Your instructions =>
Your task is to reproduce, exactly and only, the lines running from the line containing "this 2212×1659 image." to the end of the data below, both included.

Data records =>
━━━━
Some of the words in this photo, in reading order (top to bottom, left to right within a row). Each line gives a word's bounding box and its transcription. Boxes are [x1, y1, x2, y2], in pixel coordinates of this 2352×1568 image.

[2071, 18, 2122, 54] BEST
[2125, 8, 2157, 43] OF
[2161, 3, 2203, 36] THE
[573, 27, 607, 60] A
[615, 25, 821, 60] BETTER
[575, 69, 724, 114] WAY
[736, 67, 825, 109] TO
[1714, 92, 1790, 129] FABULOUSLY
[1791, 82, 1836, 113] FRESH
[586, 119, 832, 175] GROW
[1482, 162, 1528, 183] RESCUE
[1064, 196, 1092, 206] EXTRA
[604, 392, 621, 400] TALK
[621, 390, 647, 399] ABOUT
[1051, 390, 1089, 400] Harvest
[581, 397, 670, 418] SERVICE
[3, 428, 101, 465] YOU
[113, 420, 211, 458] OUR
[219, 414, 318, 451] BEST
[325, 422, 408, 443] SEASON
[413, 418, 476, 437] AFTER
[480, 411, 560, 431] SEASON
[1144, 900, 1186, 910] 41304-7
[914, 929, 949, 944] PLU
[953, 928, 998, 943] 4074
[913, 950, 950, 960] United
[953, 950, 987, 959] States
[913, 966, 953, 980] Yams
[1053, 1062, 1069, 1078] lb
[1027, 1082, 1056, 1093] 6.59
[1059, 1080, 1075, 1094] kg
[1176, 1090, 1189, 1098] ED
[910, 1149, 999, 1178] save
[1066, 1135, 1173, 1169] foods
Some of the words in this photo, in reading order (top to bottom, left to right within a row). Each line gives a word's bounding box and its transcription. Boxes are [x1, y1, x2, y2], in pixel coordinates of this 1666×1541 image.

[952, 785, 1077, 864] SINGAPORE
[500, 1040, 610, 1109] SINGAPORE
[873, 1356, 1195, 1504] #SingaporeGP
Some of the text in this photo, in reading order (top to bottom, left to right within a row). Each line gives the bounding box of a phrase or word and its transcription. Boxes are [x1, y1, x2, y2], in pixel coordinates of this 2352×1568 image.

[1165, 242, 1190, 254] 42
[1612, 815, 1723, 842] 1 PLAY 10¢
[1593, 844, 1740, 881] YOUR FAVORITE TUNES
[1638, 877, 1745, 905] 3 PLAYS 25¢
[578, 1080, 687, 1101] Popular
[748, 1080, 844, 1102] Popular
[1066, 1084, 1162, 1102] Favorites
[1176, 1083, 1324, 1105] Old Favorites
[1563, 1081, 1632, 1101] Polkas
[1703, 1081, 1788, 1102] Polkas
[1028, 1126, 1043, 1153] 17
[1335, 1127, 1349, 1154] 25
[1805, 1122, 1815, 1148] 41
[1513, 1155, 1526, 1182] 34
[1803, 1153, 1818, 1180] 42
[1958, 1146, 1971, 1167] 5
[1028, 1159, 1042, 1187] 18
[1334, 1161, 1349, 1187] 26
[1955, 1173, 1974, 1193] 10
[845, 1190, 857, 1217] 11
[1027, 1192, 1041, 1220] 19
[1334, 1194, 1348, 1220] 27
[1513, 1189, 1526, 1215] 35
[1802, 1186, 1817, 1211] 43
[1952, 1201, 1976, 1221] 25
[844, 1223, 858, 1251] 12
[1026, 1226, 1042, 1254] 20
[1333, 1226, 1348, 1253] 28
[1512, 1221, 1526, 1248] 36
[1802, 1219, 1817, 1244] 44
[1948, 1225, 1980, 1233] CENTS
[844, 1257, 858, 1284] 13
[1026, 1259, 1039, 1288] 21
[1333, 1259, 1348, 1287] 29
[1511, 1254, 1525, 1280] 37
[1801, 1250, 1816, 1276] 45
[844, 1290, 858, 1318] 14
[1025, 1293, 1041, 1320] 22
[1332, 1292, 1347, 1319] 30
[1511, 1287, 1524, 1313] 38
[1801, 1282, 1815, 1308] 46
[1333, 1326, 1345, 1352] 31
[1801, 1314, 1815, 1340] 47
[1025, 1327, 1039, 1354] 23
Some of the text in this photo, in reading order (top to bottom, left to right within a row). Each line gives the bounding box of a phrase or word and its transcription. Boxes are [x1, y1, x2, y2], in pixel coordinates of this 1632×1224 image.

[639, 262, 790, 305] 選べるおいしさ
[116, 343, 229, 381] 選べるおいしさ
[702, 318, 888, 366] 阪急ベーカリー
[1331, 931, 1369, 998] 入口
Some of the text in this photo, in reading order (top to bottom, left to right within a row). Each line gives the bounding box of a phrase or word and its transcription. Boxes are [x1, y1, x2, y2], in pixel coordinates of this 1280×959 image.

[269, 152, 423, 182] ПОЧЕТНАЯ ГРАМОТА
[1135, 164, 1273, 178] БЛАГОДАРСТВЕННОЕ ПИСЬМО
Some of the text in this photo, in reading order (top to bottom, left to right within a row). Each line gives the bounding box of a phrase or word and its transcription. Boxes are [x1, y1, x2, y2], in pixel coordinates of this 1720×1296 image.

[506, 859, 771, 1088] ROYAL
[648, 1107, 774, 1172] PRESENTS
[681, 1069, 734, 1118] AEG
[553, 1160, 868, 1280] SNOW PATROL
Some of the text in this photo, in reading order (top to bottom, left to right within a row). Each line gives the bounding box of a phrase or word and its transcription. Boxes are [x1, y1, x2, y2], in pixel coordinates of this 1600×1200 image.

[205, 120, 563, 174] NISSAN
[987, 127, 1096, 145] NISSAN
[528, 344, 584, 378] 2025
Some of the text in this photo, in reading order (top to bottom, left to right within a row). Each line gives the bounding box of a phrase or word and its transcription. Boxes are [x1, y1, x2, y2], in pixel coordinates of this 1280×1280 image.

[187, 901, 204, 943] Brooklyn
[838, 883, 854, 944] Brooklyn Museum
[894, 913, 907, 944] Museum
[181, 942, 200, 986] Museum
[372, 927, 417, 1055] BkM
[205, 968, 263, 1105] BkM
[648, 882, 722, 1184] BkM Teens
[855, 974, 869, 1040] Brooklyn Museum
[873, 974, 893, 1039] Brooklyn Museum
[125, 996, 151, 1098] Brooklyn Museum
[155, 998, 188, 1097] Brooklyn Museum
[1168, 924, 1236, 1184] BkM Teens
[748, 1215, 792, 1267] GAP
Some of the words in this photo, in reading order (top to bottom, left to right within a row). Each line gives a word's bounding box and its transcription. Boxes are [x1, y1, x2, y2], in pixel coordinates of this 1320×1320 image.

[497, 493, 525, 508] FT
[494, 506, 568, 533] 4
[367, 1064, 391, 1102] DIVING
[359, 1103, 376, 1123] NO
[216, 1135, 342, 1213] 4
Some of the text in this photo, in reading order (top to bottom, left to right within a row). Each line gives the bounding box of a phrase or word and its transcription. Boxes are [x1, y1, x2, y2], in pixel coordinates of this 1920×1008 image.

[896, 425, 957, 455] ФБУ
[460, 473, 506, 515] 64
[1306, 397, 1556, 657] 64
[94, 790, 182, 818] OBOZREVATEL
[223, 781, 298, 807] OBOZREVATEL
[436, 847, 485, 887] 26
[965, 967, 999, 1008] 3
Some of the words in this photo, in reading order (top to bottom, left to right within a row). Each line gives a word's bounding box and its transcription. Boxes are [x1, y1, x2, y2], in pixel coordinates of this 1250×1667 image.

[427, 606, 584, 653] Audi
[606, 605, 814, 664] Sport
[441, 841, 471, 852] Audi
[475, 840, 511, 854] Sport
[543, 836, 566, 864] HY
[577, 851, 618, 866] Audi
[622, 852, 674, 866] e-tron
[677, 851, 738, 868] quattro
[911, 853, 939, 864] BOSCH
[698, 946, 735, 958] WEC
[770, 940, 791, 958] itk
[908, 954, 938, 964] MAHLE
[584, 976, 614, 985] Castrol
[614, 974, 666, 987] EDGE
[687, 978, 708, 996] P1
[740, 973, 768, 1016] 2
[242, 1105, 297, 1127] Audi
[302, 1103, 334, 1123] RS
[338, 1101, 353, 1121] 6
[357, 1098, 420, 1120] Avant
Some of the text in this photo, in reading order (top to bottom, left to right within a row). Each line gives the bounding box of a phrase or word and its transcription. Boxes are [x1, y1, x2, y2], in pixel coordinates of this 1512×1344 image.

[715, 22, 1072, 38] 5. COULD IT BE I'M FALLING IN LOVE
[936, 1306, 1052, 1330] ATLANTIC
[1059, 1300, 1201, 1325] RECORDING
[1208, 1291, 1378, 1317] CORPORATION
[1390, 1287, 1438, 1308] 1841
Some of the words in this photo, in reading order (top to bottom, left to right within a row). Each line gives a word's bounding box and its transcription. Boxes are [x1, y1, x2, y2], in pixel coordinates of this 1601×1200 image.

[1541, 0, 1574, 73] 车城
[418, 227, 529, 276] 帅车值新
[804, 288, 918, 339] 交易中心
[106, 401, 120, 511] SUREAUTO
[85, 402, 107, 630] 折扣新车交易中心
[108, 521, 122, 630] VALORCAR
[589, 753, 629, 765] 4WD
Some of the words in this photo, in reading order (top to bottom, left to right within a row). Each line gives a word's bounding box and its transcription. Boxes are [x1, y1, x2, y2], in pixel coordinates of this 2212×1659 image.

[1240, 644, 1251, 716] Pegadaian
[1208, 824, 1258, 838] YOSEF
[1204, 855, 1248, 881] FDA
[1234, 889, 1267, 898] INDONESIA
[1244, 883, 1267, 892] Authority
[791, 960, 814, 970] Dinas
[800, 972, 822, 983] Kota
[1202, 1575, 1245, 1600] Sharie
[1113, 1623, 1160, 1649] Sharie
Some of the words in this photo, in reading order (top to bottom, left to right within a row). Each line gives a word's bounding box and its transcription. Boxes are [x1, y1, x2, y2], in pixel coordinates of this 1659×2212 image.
━━━━
Written response =>
Some of the words in this photo, in reading order (top to bottom, left to right within a row). Each line gives a word's bounding box and its transcription. Boxes are [x1, y1, x2, y2], in pixel coordinates of this 2212×1659 image.

[1240, 644, 1251, 716] Pegadaian
[1208, 824, 1258, 838] YOSEF
[1204, 855, 1248, 881] FDA
[1234, 889, 1267, 898] INDONESIA
[1244, 883, 1267, 892] Authority
[791, 960, 814, 970] Dinas
[800, 972, 822, 983] Kota
[1202, 1575, 1245, 1600] Sharie
[1113, 1623, 1160, 1649] Sharie
Some of the words in this photo, in reading order (top to bottom, left to right within a row). Each line gives a word's bounding box and its transcription. Boxes are [x1, y1, x2, y2], in pixel coordinates of this 1659×2212 image.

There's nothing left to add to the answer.